I was especially thinking about the term we use of "receiving Jesus Christ as Lord and Savior". I have had so many tell me about so and so receiving Jesus into their heart or someone who was led to make a decision for Jesus Christ. Now the bible speaks of receiving Jesus, but what does that mean and what does it not mean? There are so many people who say they have received Christ and believed Christ who give little or no evidence that they are spiritually alive. We will often times say that because Fred once received Christ, even though his life demonstrates little or no evidence of change, that because he received Christ, he is in no matter what.

Last week I wrote about what it means to love God. The bible defines loving God in terms of treasuring Christ, savoring Christ, cherishing Christ, or supremely valuing Christ.

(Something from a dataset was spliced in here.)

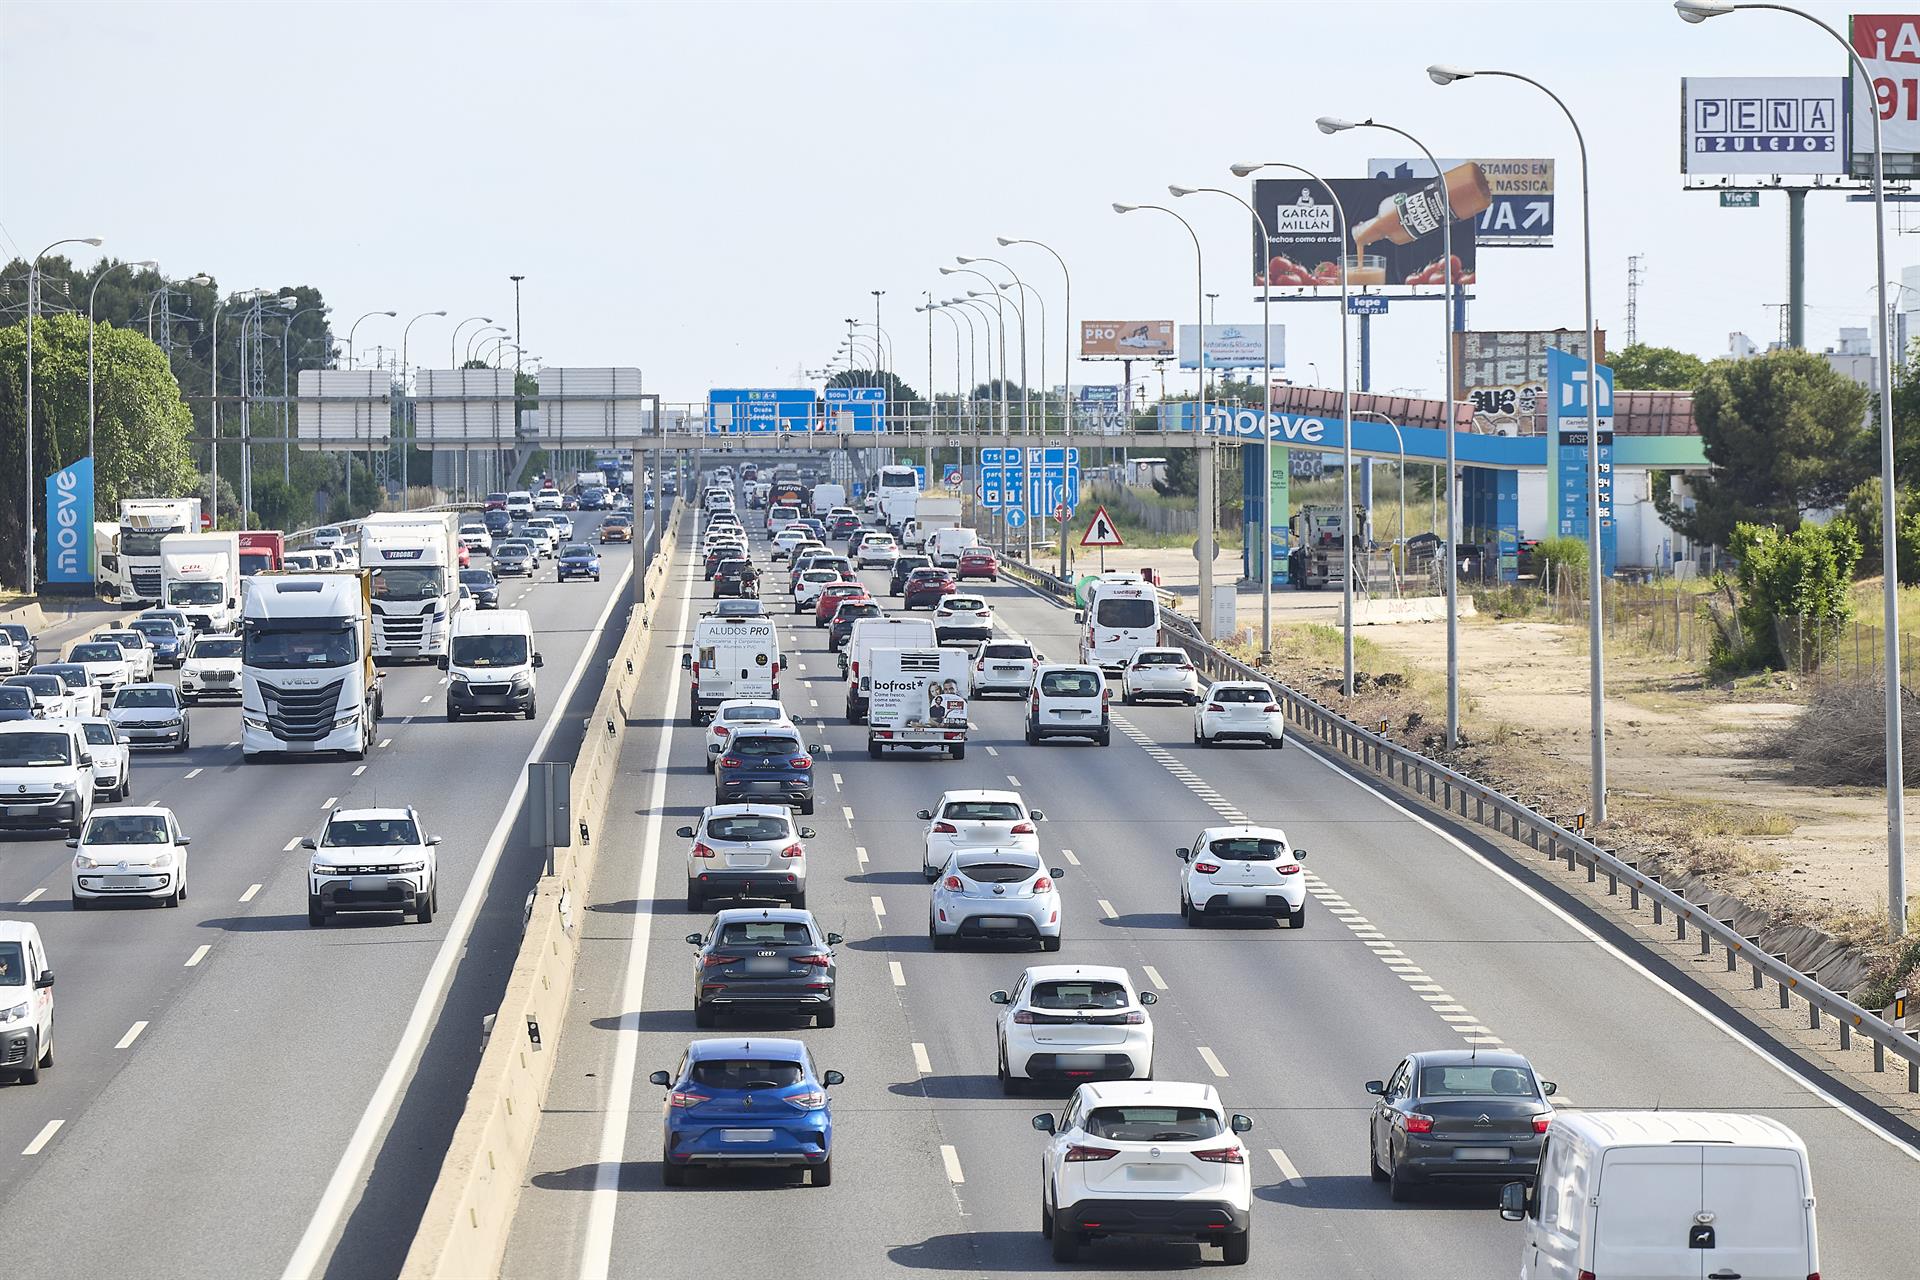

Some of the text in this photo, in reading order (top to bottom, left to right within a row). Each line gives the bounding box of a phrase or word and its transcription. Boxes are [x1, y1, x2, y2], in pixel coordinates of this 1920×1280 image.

But what of those who are unresponsive to the spiritual beauty of Jesus? Who are unmoved by the glories of Christ. Who don't have the spirit of the apostle Paul when he said, "I count everything as loss because of the surpassing worth of knowing Christ Jesus my Lord. For his sake I have suffered the loss of all things and count them as rubbish, in order that I may gain Christ" (Philippians 3:8)? This is not their spirit, yet they say they have received Christ. So to me it looks as though it is possible to "receive Christ" and yet to not " receive Him" for who and what He really is. Thus, we demean His worth and do not really "receive" Christ at all.

This is why I so strongly believe we need to add a new term in defining what it means for someone to become a Christian and receive Christ: Make Jesus Christ Your Supreme Treasure. I think it is much more helpful and forthright in clearly telling others what it means to love, follow, and receive Jesus. Treasuring God is the essence of loving God.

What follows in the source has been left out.